Coming back towards the East End, the churchyard was only half the size that it is today and the Caravan Park much smaller also. This was because, at the end of Front Street, past the Cresswell Arms, where the entrance to the park is today, stood a permanent funfair. This opened at Easter and lasted all the way through the summer. There were dodgems and a number of sideshows such as roll the penny, but the highlight for me was the Flying Chairs. The bigger lads used to make them weave in and out by using their bodies to swing them further than what they would do naturally, though I never dared do this before the funfair was dismantled. Coming home past Prospect, the wooden Golf Club stood on the edge of the Moor, until it was burned down. I remember this as a green building for some reason, but could not swear that it was. To get back to Marine Street through the back of East Sea View, you passed the bottom of a row of very old and derelict houses called Downies Buildings that were pulled down in the 1950s.
At the end of Marine Street to the west, the houses gave way to the Maud's Pool. Standing at the end of Moor View looking towards the Moor, there was a blacksmiths directly ahead, though this was demolished early on in the fifties and behind the smithy a row of bushes stretched up towards the top end of the Moor. Further up the Moor would be found the Duntin stone, used by the freeholders as a boundary marker of their land and in a yearly ceremony, kids were thrown monkey nuts by a horse-mounted freeholder riding the bounds. A dirt track wove round the smithy towards allotments. My da's was the third one in on the left and he tended it mainly on a Sunday morning bringing home the vegetables and the mint for Sunday dinner when called. Later in the 1950s, I remember that there were some brick buildings (garages perhaps) on the northern end of Maud's Pool that were a stop on the way to the pit heaps - one of the main ways that we kids went to the Colliery school. To get to school, we used to cross the Pool towards a gate, which we always climbed over. This led down to a bridge over the Yellow River, as we called it, a dirty quite wide stretch of water that came out of the middle of two pit heaps and disappeared into the houses of Front Street. The bridge was made of pit props and had no parapets. Ahead was a patch of level pit spoil, in the middle of which was a large pool of water, to the left a farmer's field and to the right u-shaped heights of spoil, one arm red and the other dark grey. There were two ways to the Colliery from this point. The one we always took in the morning was straight towards Woodlea. There was a small stream at the Woodlea end that had to be crossed by a strange structure. This was two brick walls going across the stream but with a gap in middle that you had to step across. For a little boy, that step always seemed to be a big one. The other side of the stream before you hit the concrete of the houses was often very muddy and I remember losing a shoe in it once. My mam was not pleased.
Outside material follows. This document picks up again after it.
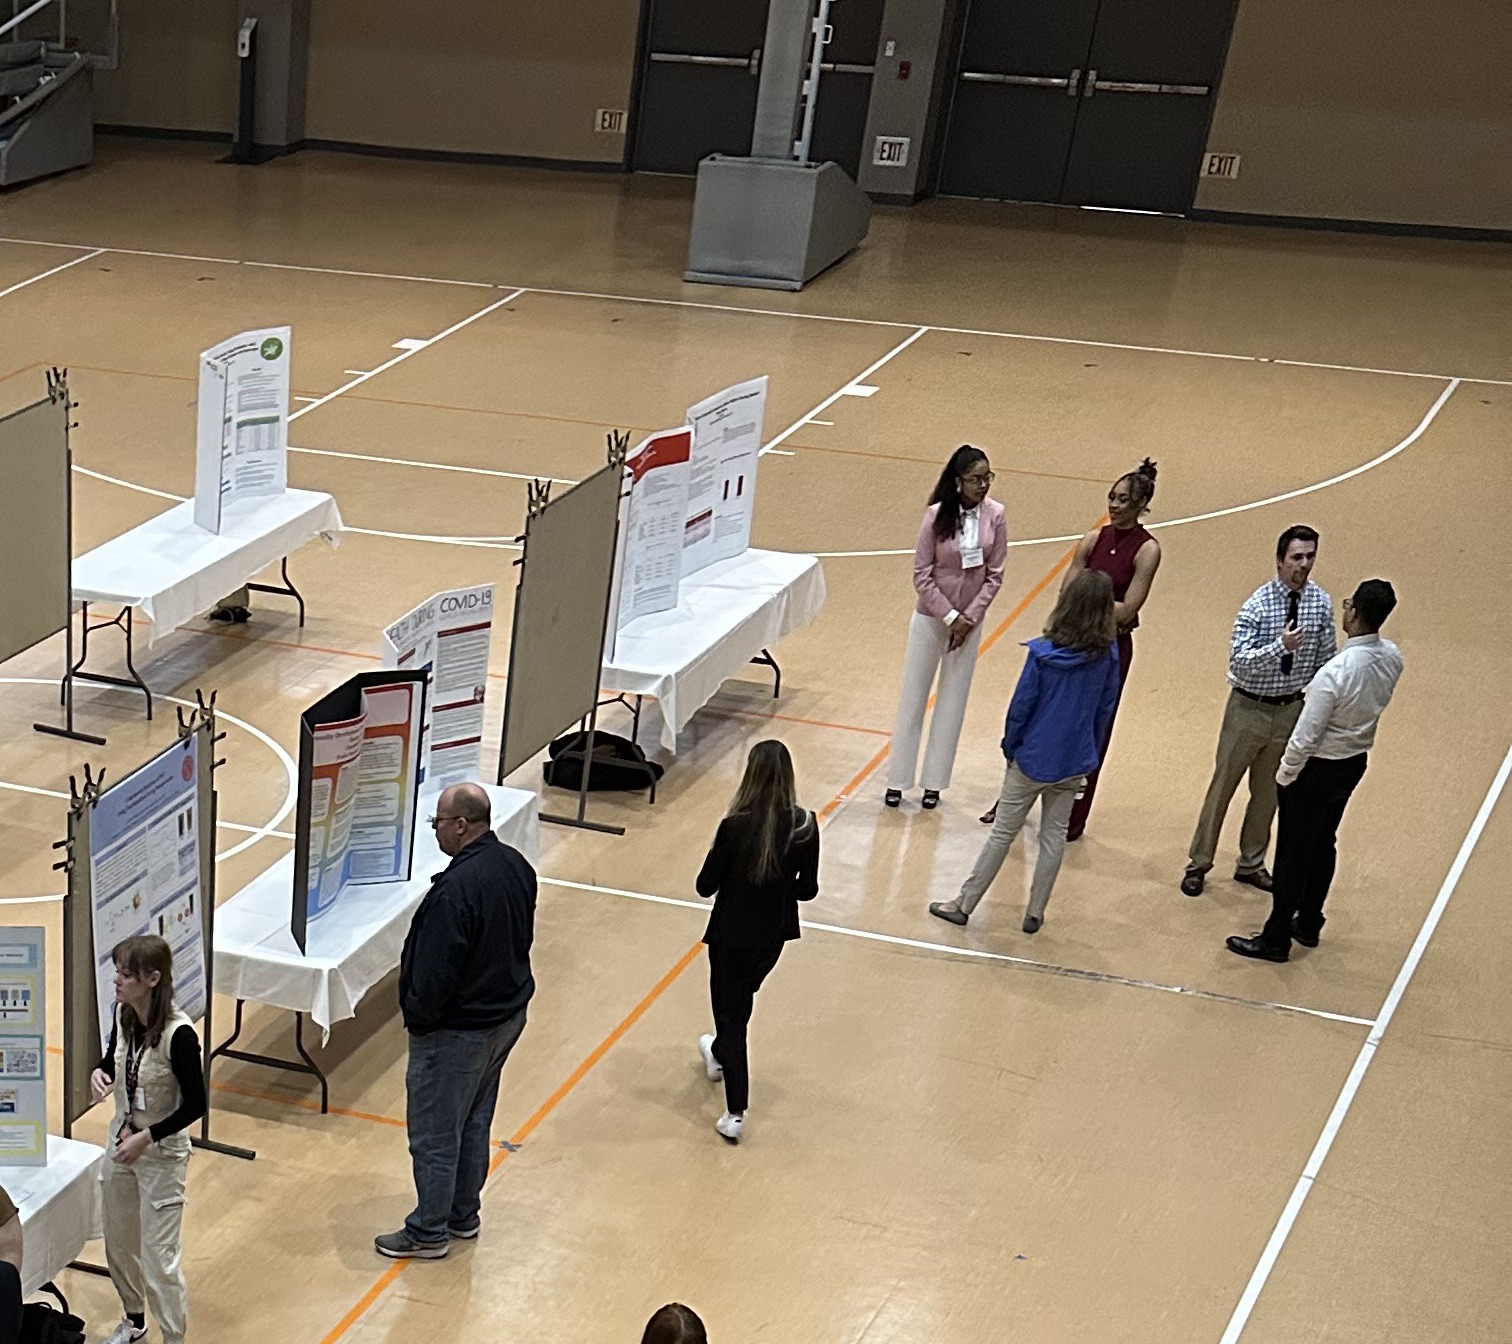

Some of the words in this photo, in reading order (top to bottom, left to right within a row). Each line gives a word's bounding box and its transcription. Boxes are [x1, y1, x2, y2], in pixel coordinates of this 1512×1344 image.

[601, 110, 623, 131] EXIT
[879, 141, 904, 161] EXIT
[1208, 155, 1236, 176] EXIT
[439, 589, 492, 613] COVID-19
The other way was to head for the pit heaps themselves, either over the top of them or by the western edge and walk towards the pit. The target was to go under the bridge that carried the tubs and turn left on Oakwood Avenue towards what became Minto Lodge, which at that time was the pit offices. The pit with its winding gear was on the right as you came under the bridge and you had to turn left towards the Colliery houses. As you walked down that road, on the right hand side was a field that the NCB kept the pit props in. There was one summer, during the miners' fortnight, when we spent every day building forts from these props and having a great time playing cowboys and Indians. At the end of the field you could get through to Brentwood Avenue passing the two big gas tanks that were built on top of brick cradles. This was a handy route if I was visiting my granny who lived at 1 Storey Crescent. You would emerge on Woodhorn Road near the shops; Cranstons was one, Jimmy Dodds the other and opposite was the Coop. The Cooperative buildings had a bakery at one end and a grocery shop at the other. The latter, in the 1950s, was an old-fashioned store with two counters. On the left was the groceries section, where you could be served with fresh produce including butter taken from a big slab and slapped into shape with special paddles. On the right there was a hardware section with all manner of things like batteries. As you came out of the store there was a cigarette machine on the outside of the main door - I wonder how long that would last these days!
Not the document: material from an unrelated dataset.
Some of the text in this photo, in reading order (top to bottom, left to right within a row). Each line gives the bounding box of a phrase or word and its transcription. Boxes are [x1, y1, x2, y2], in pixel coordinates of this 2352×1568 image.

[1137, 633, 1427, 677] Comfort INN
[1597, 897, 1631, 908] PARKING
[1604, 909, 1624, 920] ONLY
To get to my Grandma's, Harriet Chalder, I would always head down the little unpaved alleyway by the side of number 1 Storey Crescent and go in between a small unlighted outhouse and an asbestos garage. The outhouse was where my Aunty Mimi Gray used to gut the fish and peel the potatoes (in an odd old tumbling machine) for the fish-and-chip shop that was the right hand shop of three at the bottom of the back garden. I cannot remember what the middle shop was (it was eventually knocked through to form a bookies), but the left hand shop was a barbers. To go in the back door at number 1 was difficult for small boy, as the door was up two steps (always kept leaded by my grandma) and the handle was very high. The door was at right angles to the back kitchen window with a sill that the cat could get up on and, using its weight, swing down on the handle to open the door for myself. As my Uncle Willis said, the cat was brighter than I was because it could open the door and I could not. My grandma replied that I was brighter because I could shut the door after me, when the cat never did.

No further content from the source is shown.